Mi amigo me lleva y me trae. Lo hace por carreteras sinuosas o rectas, por caminos que llevan a aldeas remotas o entre las calles de ciudades donde los escaparates reflejan rostros de manera continua. Incluso a veces por encima de montañas o por debajo de ellas. A través de un, dos, tres o siete mares, en muchas ocasiones. Y si ambos queremos, paseamos por lugares que sólo nuestra imaginación conoce.
Mi amigo me habla de amores. Imposibles, eternos, fugaces, de minutos o de siglos. Me relata caricias, miradas, encuentros, suspiros, deseos. Cotilleos de parejas jóvenes, viejas, alto él, baja ella. Princesa ella, bribón él. Acaudalado él, acaudalado él también, a escondidas. En casas, teatros, cines, calles, portales, habitaciones al borde del mar y hasta en barcos, aviones o algún 1430 estacionado en polígono industrial abandonado.
Mi amigo me traiciona a veces. Me asesina, me secuestra, me golpea. Me hace resolver intrincados laberintos e imposibles problemas. Me introduce en intrigas, me mete en movidas, me cuela en casonas solitarias donde villanos sin piedad me atacan. Me confunde, me distrae, me regatea. Pone a mis sentidos en alerta y a mis instintos en guardia. No me deja un minuto de descanso.

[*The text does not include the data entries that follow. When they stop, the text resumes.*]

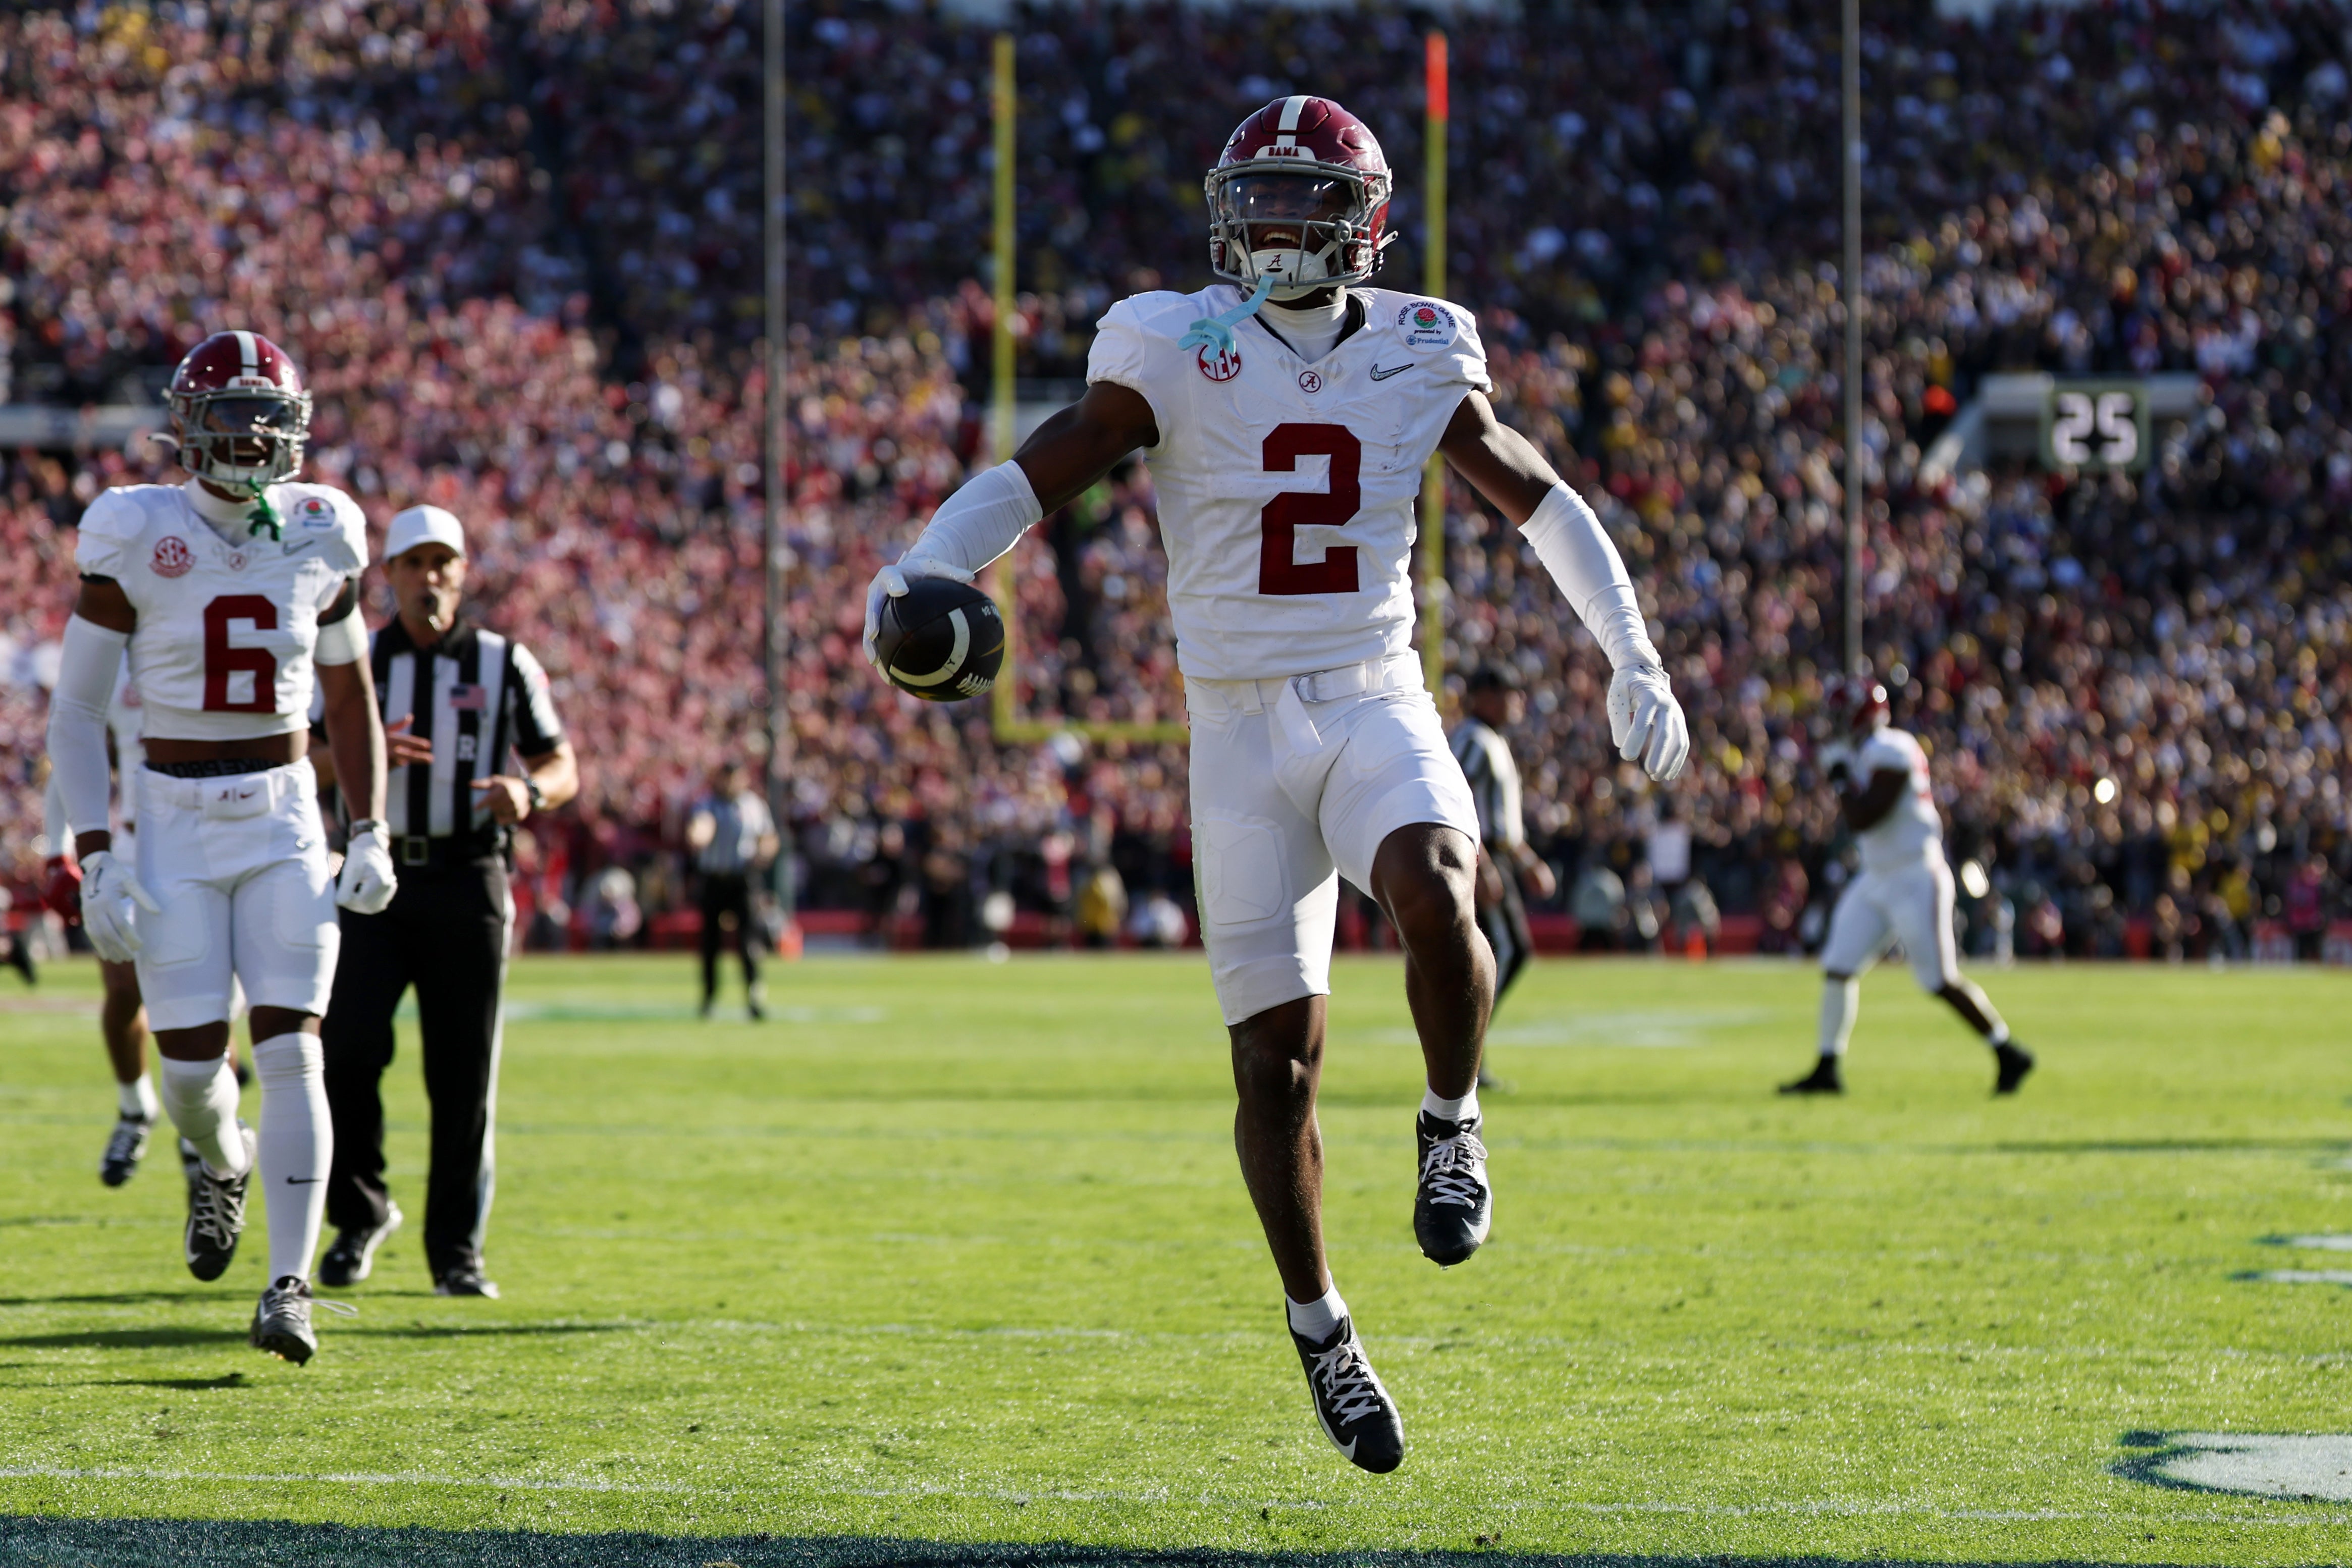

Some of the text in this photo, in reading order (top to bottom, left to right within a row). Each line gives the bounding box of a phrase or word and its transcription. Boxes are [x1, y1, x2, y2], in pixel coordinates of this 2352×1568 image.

[1268, 146, 1300, 156] BAMA
[1398, 306, 1411, 325] ROSE
[1438, 307, 1456, 328] GAME
[2052, 392, 2138, 464] 25
[1259, 423, 1361, 595] 2
[203, 594, 277, 714] 6
[458, 735, 476, 760] R
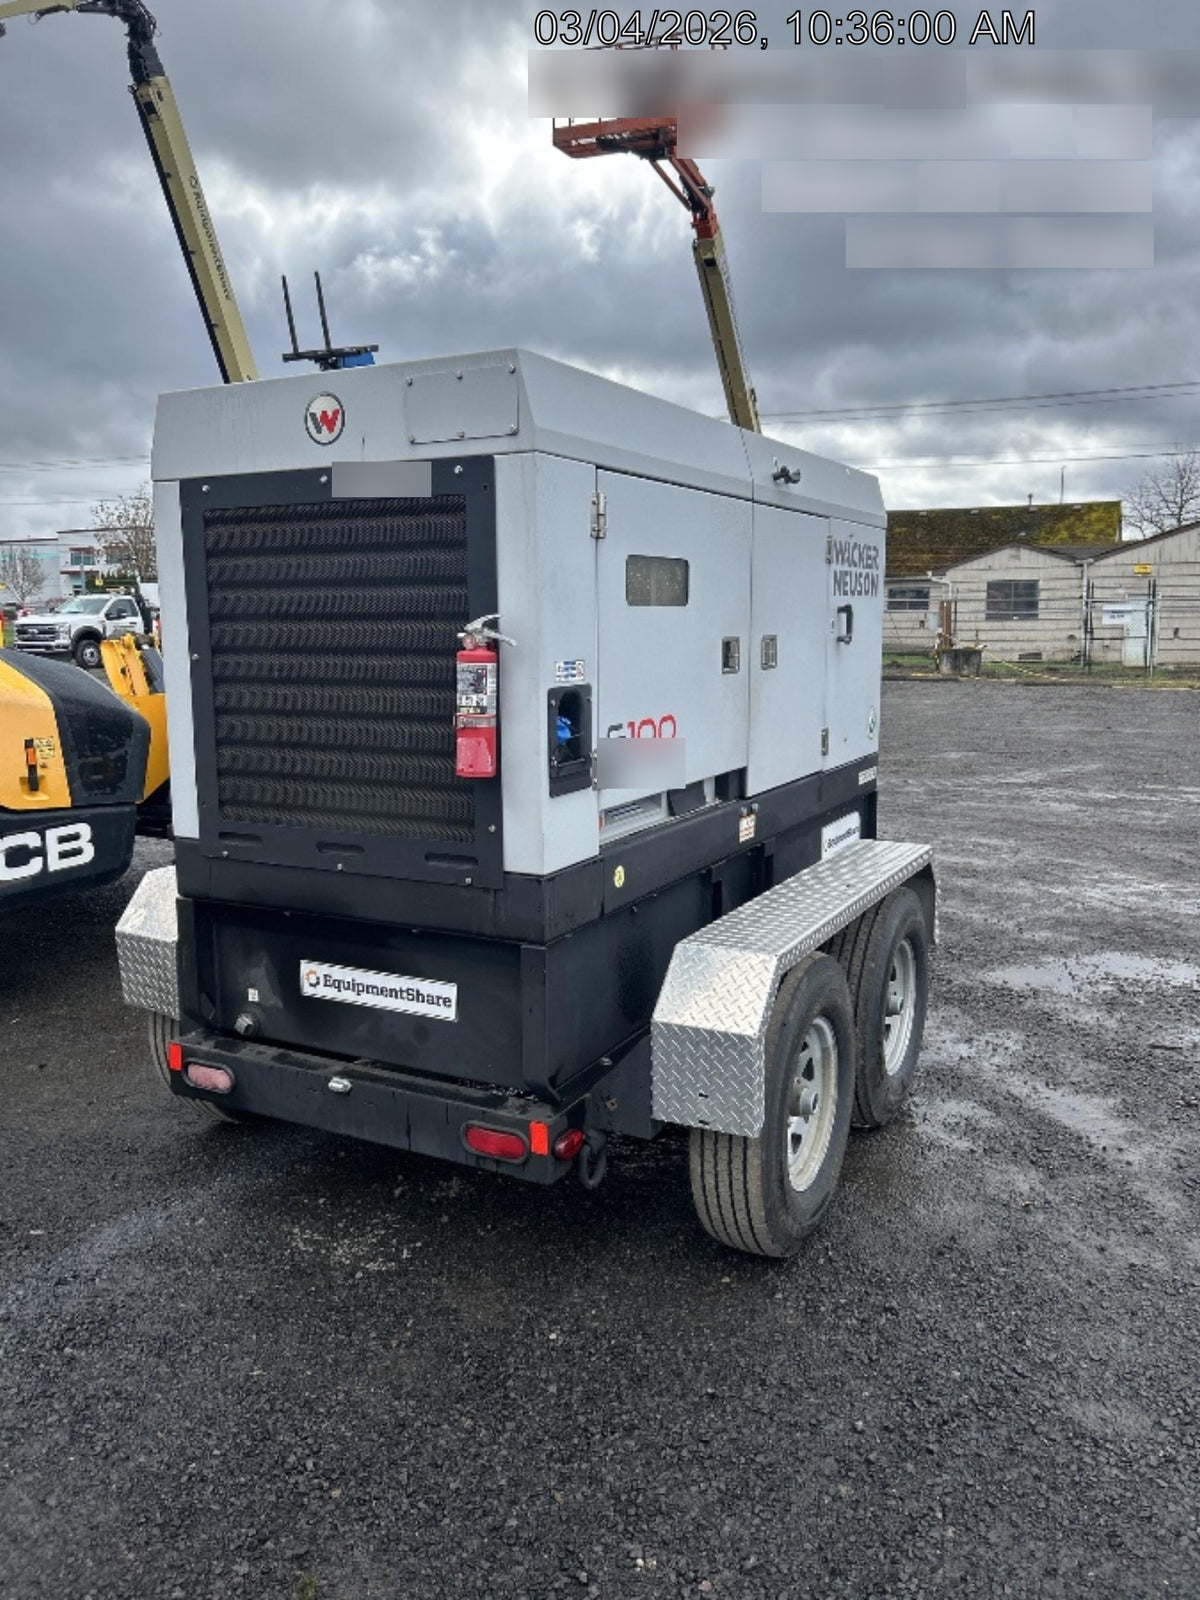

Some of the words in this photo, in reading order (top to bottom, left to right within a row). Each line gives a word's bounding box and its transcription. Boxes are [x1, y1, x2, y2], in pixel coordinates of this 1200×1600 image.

[309, 408, 340, 434] W
[833, 539, 879, 571] WACKER
[833, 570, 879, 597] NEUSON
[323, 974, 452, 1008] EquipmentShare

Mi amigo me calma, me entrega mil, dos mil, quizá medio millón de esperanzas y futuros. Me dice donde puedo encontrar horizontes, sombras, descansos, refugios. Un árbol en medio de la hierba, un oasis, una isla, una cueva, una casa, una puerta en el muro, una cuerda en la cárcel, un pasadizo en un castillo. Mi amigo soluciona, cambia mi gesto, me tranquiliza. Vocaliza palabras con la tilde en ánimo, declina verbos de futuro. Me levanta, me alza, me lanza, me empuja, me sostiene.
Mi amigo tiene un nombre grande, simple, llano, eterno. Mi amigo es… un libro.